Technical Abstract: Honey bee Apis mellifera L. colonies produce two distinct phenotypes of workers during summer and winter to cope with drastic seasonal variations in climate and food resources. Imidacloprid (IMP) is a neonicotinoid insecticide widely used in agriculture for pest management control. In this study, we investigate the influence of seasonal phenotype and emerging conditions on the diet behavior of bees fed ad libitum two concentrations of IMP. We performed three independent two-choice feeding experiments using summer bees either emerged in the laboratory or in-hive and winter bees. Diet behavior post-ingestive aversion responses to IMP were investigated as well as potential affinity to the physical location and contents of the diets. Caged bees were challenged with a physical rotation of the diet’s location and their susceptibility to 5 and 20 PPB of IMP was tested.
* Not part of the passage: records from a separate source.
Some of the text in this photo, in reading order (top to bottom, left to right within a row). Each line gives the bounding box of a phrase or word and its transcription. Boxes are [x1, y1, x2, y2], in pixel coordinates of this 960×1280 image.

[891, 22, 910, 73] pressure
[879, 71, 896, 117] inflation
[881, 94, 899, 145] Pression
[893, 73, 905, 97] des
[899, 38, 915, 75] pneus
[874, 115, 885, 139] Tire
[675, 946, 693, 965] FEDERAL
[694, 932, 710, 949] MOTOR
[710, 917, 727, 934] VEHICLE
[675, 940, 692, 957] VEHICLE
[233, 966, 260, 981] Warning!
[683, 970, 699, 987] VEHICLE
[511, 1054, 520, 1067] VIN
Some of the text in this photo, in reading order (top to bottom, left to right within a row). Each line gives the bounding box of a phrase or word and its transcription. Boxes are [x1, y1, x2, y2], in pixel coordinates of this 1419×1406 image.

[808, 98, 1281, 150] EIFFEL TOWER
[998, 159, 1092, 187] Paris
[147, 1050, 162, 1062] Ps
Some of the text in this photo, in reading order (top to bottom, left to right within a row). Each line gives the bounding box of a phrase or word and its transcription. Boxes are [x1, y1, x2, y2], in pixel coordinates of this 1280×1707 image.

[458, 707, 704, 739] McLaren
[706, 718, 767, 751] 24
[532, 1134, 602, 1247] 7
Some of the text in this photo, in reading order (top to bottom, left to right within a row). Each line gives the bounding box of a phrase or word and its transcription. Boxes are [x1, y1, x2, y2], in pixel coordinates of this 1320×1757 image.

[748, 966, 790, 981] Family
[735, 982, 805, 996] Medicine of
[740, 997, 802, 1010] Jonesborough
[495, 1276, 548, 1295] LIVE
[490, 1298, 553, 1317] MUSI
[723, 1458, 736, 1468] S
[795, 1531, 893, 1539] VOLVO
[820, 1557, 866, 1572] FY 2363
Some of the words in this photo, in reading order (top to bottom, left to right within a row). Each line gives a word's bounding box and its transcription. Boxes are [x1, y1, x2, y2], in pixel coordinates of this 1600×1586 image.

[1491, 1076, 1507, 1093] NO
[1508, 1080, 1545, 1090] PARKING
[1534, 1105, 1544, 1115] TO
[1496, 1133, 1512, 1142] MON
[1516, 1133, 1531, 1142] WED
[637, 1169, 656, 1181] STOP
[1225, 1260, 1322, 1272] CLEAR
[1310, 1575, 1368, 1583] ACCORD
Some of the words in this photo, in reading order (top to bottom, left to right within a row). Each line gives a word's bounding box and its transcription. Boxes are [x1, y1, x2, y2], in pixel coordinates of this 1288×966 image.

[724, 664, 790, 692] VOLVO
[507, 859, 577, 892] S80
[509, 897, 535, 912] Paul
From a behavioral standpoint, our results show that winter bees expressed no affinity to the physical location of the diet but rather to its content and strongly favored IMP-tainted syrup at both 5 and 20 PPB. The opposite was recorded for naïve summer bees that emerged in the laboratory, which avoided the tainted syrup at both concentrations, particularly at 20 PPB. Summer bees emerged in-hive, expected to have developed a mature intestinal microbiota through trophallaxis from older bee-mates, were mainly neutral and showed no affinity to the diet location nor its contents. Our results indicate that the physiological changes associated with seasonal phenotype and initial exposure to older mates have important consequences on the bee diet behavior toward pesticides.